Como madre que también era.
Comprendía el dolor de perder un hijo.
Así que no dijo nada más, ni se regodeó de la desgracia.
…
Gu Jia Ning volvió a trabajar en el hospital medio mes después de su cuarentena posparto.
Y como Yao Chunhua llevaba más de un mes en la Región Militar del Noroeste, era hora de que regresara.
Los dos niños eran relativamente fáciles de cuidar y, con la Abuela Sang vigilándolos, era manejable.
Y allá en el Pueblo Huaihua, Yao Chunhua todavía tenía que administrar la granja de cerdos del pueblo. No podía ausentarse por mucho tiempo, y en la Familia Gu, ella era el pilar principal.
Así que, a pesar de su reticencia, Gu Jia Ning no tuvo más remedio que comprarle a su madre un billete de tren.
Hoy, Sheng Zexi conducía, y junto a Gu Jia Ning, llevaron a Yao Chunhua a la estación de tren.
—Mamá… —Ante la despedida, Gu Jia Ning no pudo contenerse más. Dio un paso adelante y abrazó a su madre, con los ojos llenándose de lágrimas.
—Mamá, no soporto verte marchar —dijo Gu Jia Ning con la voz ahogada por la emoción.
Yao Chunhua le acarició el pelo a Gu Jia Ning, con sus propios ojos enrojecidos. —Niña tonta, yo tampoco soporto dejarte. Quién sabe cuánto tiempo pasará hasta que nos volvamos a ver.
Ahora que se separaban, la oportunidad más probable de reunirse sería durante el Año Nuevo.
Pero Ningning acababa de dar a luz a dos niños y, para el Año Nuevo, solo tendrían poco más de seis meses. Tan pequeños, ¿podrían soportar un largo viaje en tren?
Si no podían volver para el Año Nuevo.
Entonces, probablemente tendrían que esperar hasta que los niños fueran mayores.
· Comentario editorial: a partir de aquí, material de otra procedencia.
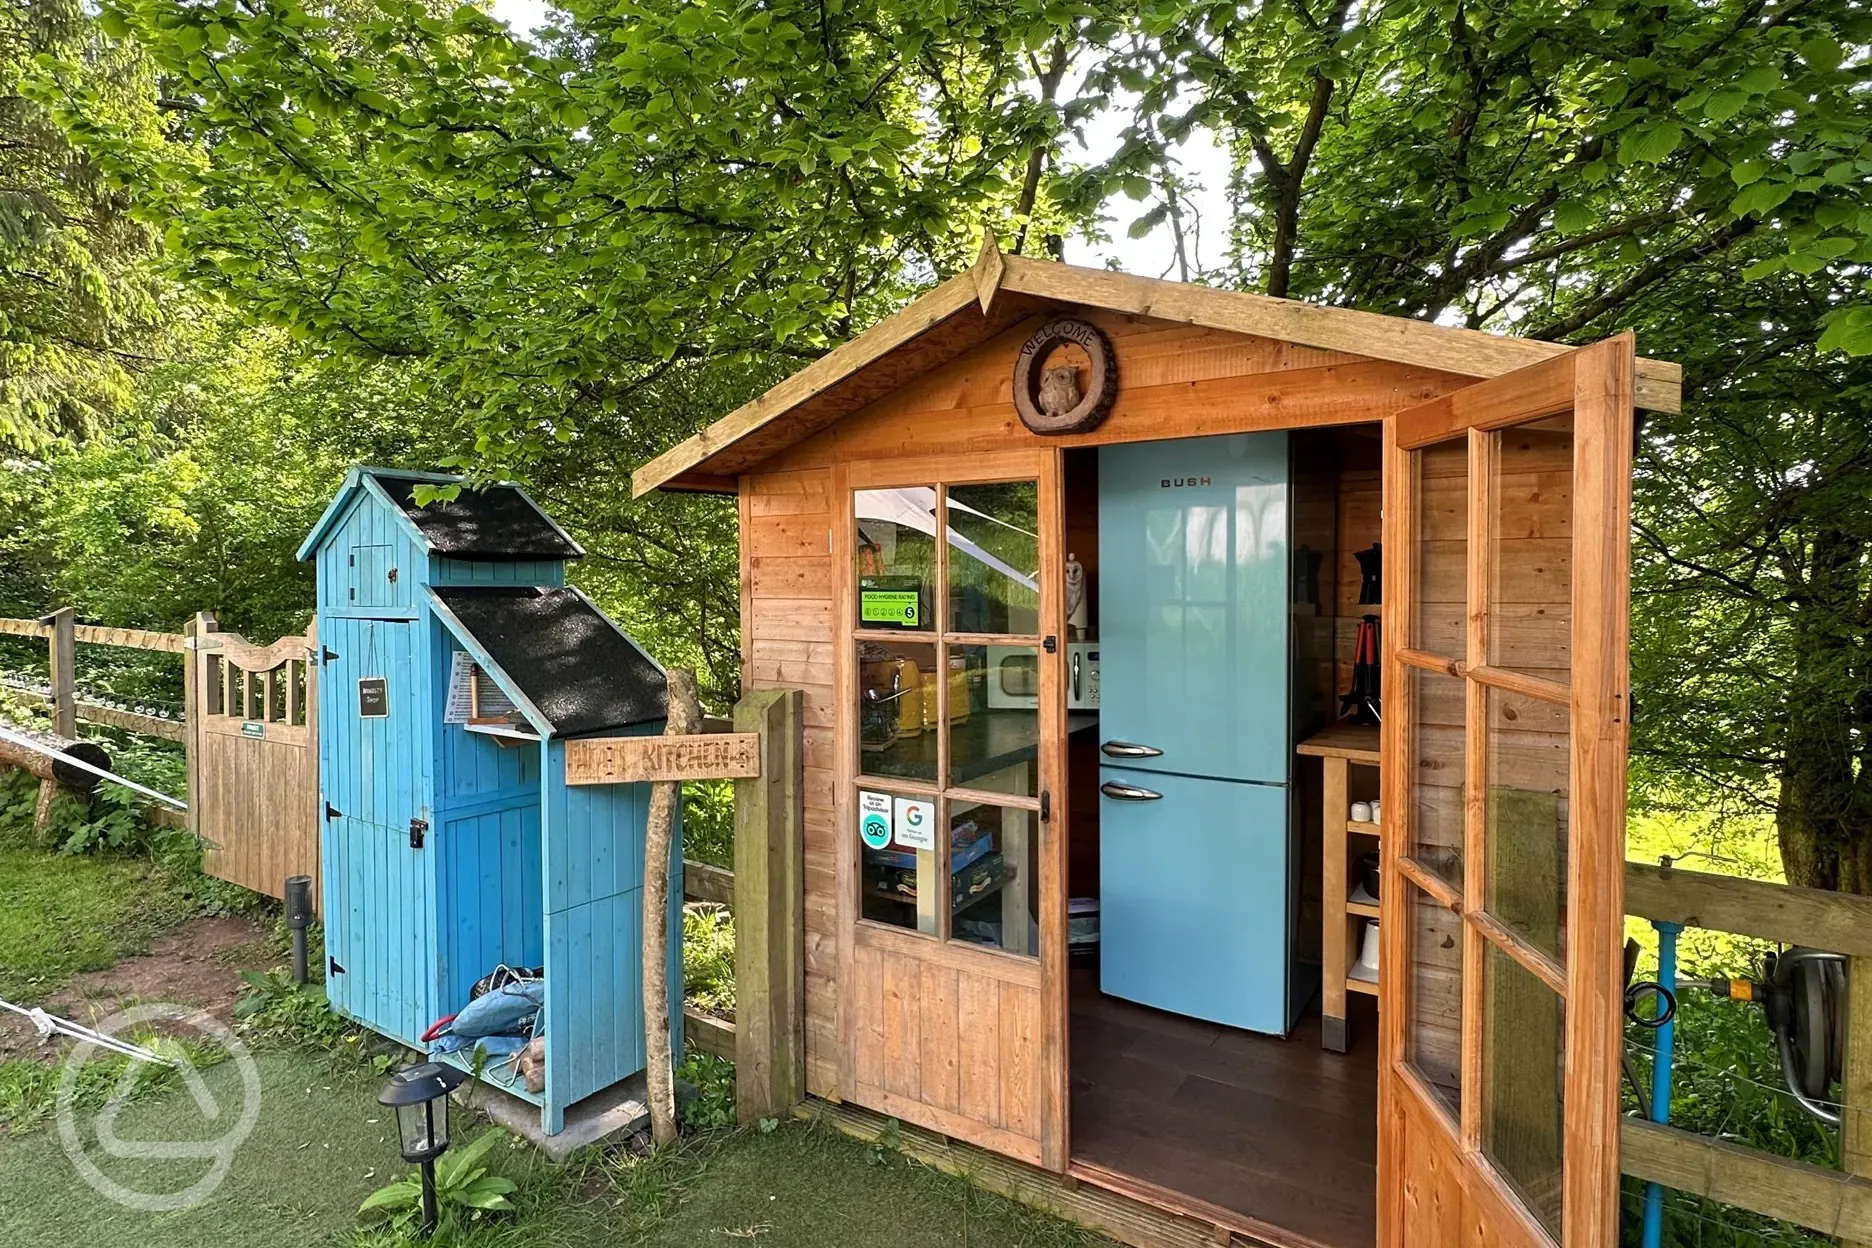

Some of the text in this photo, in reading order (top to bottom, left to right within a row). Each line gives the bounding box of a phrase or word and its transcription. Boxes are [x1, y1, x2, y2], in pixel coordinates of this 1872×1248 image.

Esa es la desventaja de que una hija se case lejos.
Es difícil verse siquiera una vez.
—Mamá, no te preocupes. En cuanto tenga la oportunidad, definitivamente volveré.
—No solo te echo de menos a ti, también echo de menos a Papá, a mi hermano y mi cuñada, a la abuela y a todos.
—Bien, bien —Yao Chunhua le acarició el pelo—. Mamá lo sabe, la Ningning de mamá siempre ha sido una buena hija.
—Ningning, recuerda, aunque mamá no esté contigo, tienes que comer bien y abrigarte. Incluso después de tener hijos, no pongas toda tu energía en ellos, ¿de acuerdo?
—Para tu padre y para mí, ni los nietos se comparan con nuestra preciosa hija.
Las palabras de Yao Chunhua hicieron que Gu Jia Ning se derrumbara.
Abrazó a su madre con fuerza, apoyándose en su hombro, llorando sin control.
—Mamá, lo sé. Tú y Papá también tienen que cuidarse mucho. Si necesitan algo, escríbanme y se lo enviaré. Asegúrense de estar bien y no duden en gastar el dinero.
Le recordó Gu Jia Ning con esmero.
Quizás solo después de tener hijos y convertirte en madre puedes comprender las dificultades de una madre y su preocupación por sus hijos.
—Sí, lo sé, lo sé, mamá lo sabe.
—Además, mamá, lleva el amuleto de hilo rojo que te di, y los otros son para la familia, uno para cada uno.